草丈は30から40cmほどに生長していきます。見た目は同じアブラナ科の植物であるダイコンの葉とよく似ており、シュッと伸びた茎に大きな卵型の葉っぱを茂らせます。この葉っぱも食べられますが、苦味が強いので、アク抜きをして、味噌などと一緒に漬け込むのがおすすめです。そして、春になると、株の中心から花茎を伸ばして、白い小花いくつも咲かせます。
山わさび(ホースラディッシュ/西洋わさび)の栄養や効果・効能は?
山わさびに含まれる辛み成分「アリルイソシオチアネート」には抗菌作用のほか、がん予防効果、血栓防止効果もあります。また、ツンとした香りには食欲増進効果もあるとされていますよ。
そんな体によい西洋わさびですが、食べ方は色々で和食にも洋食にも合う薬味です。刻んで醤油漬けやみそ漬けにすると、ご飯のお供になりますし、すりおろしてソーセージやステーキに添えてもよし。ひと手間かけたい方は、すりおろした西洋わさびにサワークリームを混ぜてホースラディッシュソースを作ってみてください。
山わさび(ホースラディッシュ/西洋わさび)の育て方のポイントは?
水はけのよい中性~アルカリ性の土があり、しっかりと根を張れる深さのある場所で育てていきます。山わさびは、地中深くに張った根を収穫していきます。根が十分育つよう、鉢やプランターは30cm以上深さのあるもの、地植えは地中30cm以上深く耕しておきましょう。
山わさび(ホースラディッシュ/西洋わさび)の苗植えの時期と方法は?
山わさびは、種球と呼ばれる根の部分を植え付けて育てていきます。苗を見つけられるなら、そこから育てはじめてもかまいません。植え付けの適期は、3~5月となっています。
鉢・プランター
株同士の間隔を30cm以上空けるので、10号鉢に1株、60cmプランターに2株が植え付けの目安です。土は市販の野菜用培養土を使います。
- 鉢底石を敷く
- 容器の縁から下2~3cmのところまで土を入れる
- 種球が土に隠れるくらいの深さに植え付ける
- たっぷりと水やりをする
地植え
酸性の土を嫌うので、植え付ける2週間前に1㎡あたり100gの苦土石灰を混ぜ込んで中和しておきます。このとき、土は深30cmほどまで掘り起こしておきましょう。土の水はけが気になるようなら、腐葉土や堆肥を植え付ける前にしっかりと混ぜ込んでおくとよいですよ。そして、株同士の間隔を30~45cm空けて植え付けていきます。

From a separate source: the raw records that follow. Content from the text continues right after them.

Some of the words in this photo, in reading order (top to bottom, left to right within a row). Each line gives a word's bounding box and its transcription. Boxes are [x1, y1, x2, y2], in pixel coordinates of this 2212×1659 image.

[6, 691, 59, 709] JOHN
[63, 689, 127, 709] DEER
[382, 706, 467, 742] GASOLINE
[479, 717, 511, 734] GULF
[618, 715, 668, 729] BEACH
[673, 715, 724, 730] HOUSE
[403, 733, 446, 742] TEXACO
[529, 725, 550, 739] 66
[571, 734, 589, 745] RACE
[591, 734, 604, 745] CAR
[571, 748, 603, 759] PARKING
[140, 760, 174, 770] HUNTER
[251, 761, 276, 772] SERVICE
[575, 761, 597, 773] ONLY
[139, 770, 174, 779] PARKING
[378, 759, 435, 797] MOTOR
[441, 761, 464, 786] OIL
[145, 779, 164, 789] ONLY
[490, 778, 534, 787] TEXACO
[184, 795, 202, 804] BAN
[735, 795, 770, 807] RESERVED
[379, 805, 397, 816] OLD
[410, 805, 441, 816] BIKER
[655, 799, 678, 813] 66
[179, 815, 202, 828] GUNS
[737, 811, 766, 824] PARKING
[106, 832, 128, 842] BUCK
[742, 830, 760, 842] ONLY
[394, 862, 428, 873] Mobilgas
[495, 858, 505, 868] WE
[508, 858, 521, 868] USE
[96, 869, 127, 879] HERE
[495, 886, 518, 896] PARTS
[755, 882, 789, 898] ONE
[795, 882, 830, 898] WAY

山わさび(ホースラディッシュ/西洋わさび)の水やり、肥料の与え方は?
水やり
水切れを起こすと、葉っぱがしなびて弱ってしまいます。鉢植え、地植えにかかわらず、土が乾いたらしっかりと水やりをしてください。
肥料の与え方
山わさびは、庭の片隅に植えておいたら勝手に育ってしまうほど生命力が強い植物です。家庭菜園で育てるときは、太い根を収穫するために肥料を追加で与えていきます。植え付けから1週間後からに株元に化成肥料をばらまいたら、土と混ぜて株
によせていきます。同じ方法で3~4週間に1回肥料を定期的に与えていきます。
山わさび(ホースラディッシュ/西洋わさび)の収穫の時期と方法は?
山わさびは、根が十分に育ったタイミングで収穫していきます。11~3月頃、地上部の葉っぱが黄色く枯れはじめていきたらちょうどよい時期です。葉が茂りすぎているときは、株元から20cmほどのところで一度葉っぱを刈り取ります。そして株の周りの土を軽く掘り上げたら、茎を引っ張って土から引き抜いてください。根の上のところは3cmほど切り取って、2年目の種球として再び育てていくことができますよ。

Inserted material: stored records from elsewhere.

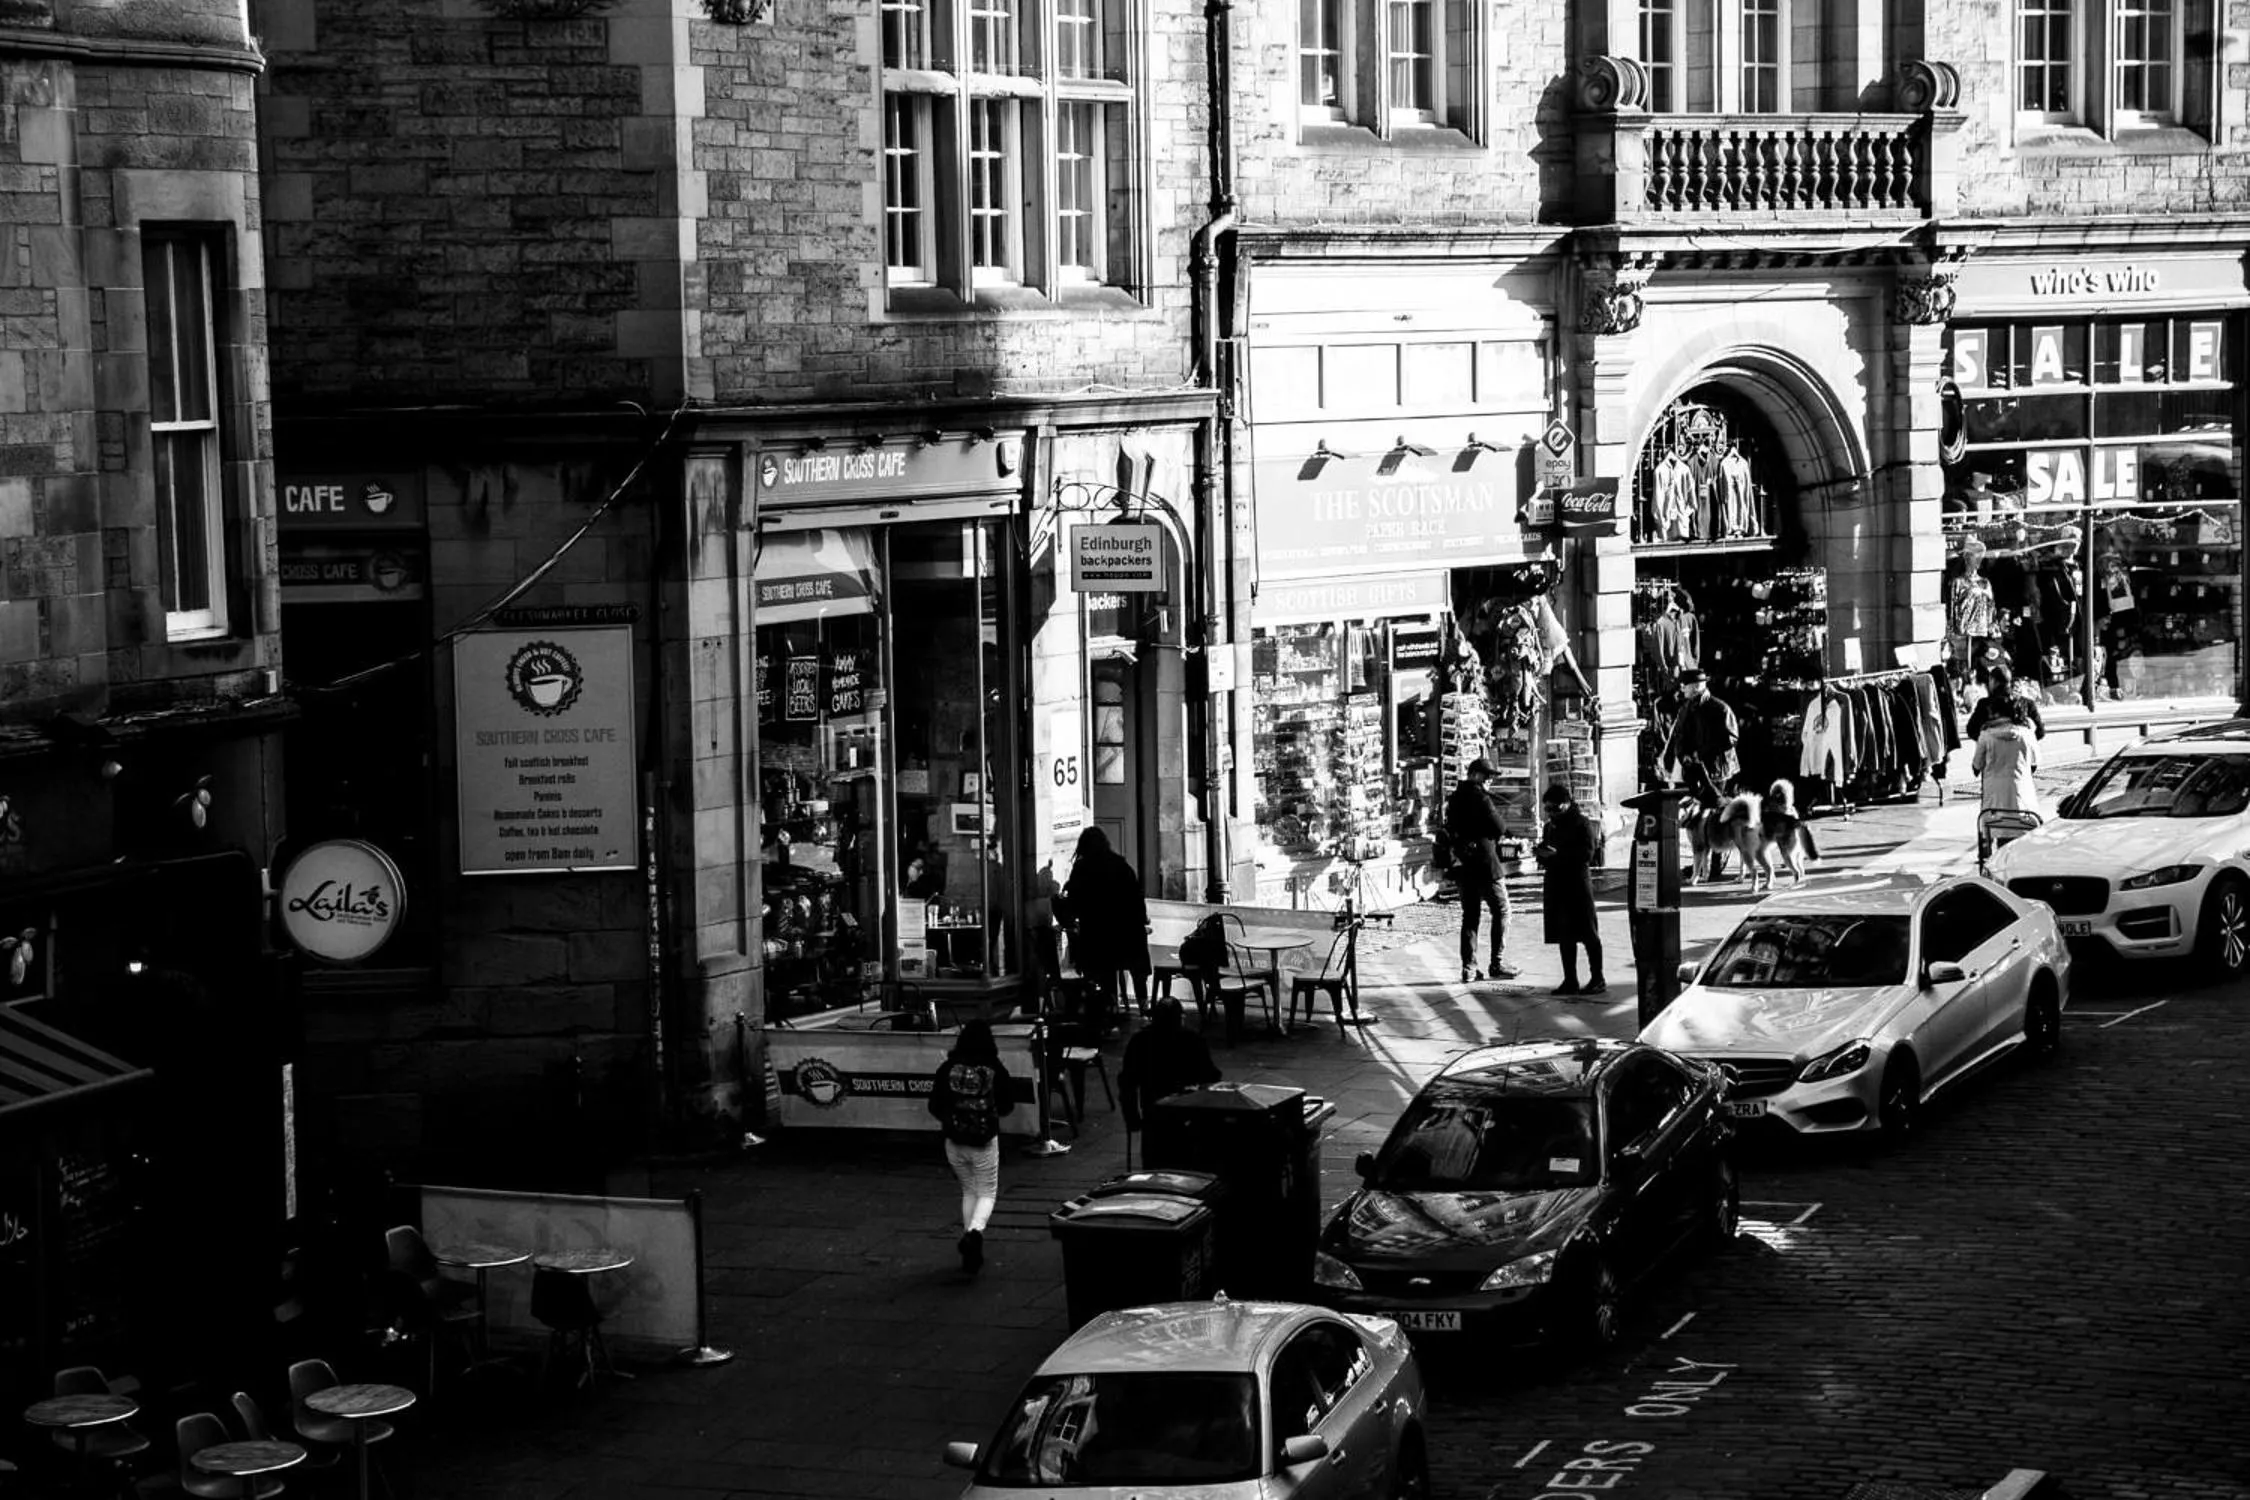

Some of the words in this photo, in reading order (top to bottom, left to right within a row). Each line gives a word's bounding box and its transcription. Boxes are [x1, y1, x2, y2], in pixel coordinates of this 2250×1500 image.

[2030, 266, 2101, 295] who's
[2106, 265, 2159, 293] who
[1953, 332, 2213, 384] SALE
[784, 455, 839, 484] SOUTHERN
[843, 453, 874, 480] CROSS
[878, 452, 906, 477] CAFE
[1546, 459, 1571, 471] epay
[2027, 452, 2137, 503] SALE
[284, 485, 346, 512] CAFE
[1311, 489, 1362, 521] THE
[1367, 481, 1495, 518] SCOTSMAN
[1080, 536, 1152, 553] Edinburgh
[280, 563, 320, 580] CROSS
[322, 563, 360, 580] CAFE
[1080, 555, 1152, 568] backpackers
[761, 582, 794, 601] SOUTHERN
[796, 581, 814, 598] CROSS
[815, 580, 833, 596] CAFE
[1274, 587, 1358, 612] SCOTTISH
[1368, 582, 1417, 605] GIFTS
[475, 729, 539, 746] SOUTHERN
[544, 728, 579, 744] CROSS
[583, 727, 617, 743] CAFE
[1054, 755, 1078, 787] 65
[1643, 815, 1657, 837] P
[505, 850, 525, 862] open
[527, 848, 550, 861] from
[573, 846, 595, 861] daily
[852, 1078, 905, 1092] SOUTHERN
[1425, 1312, 1455, 1328] FKY
[1623, 1356, 1740, 1417] ONLY

山わさび(ホースラディッシュ/西洋わさび)の栽培は簡単
山わさびは、本ワサビと違い、土を使って簡単に栽培できる野菜です。鉢やプランターでも栽培でき、収穫した根っこは色々な料理に合せて楽しめますよ。ローストビーフに添えたり、醤油やだしと一緒に煮詰めてソースにしたりと、アレンジのバリエーションも豊富。自分のオリジナルレシピを考える楽しみもありますね。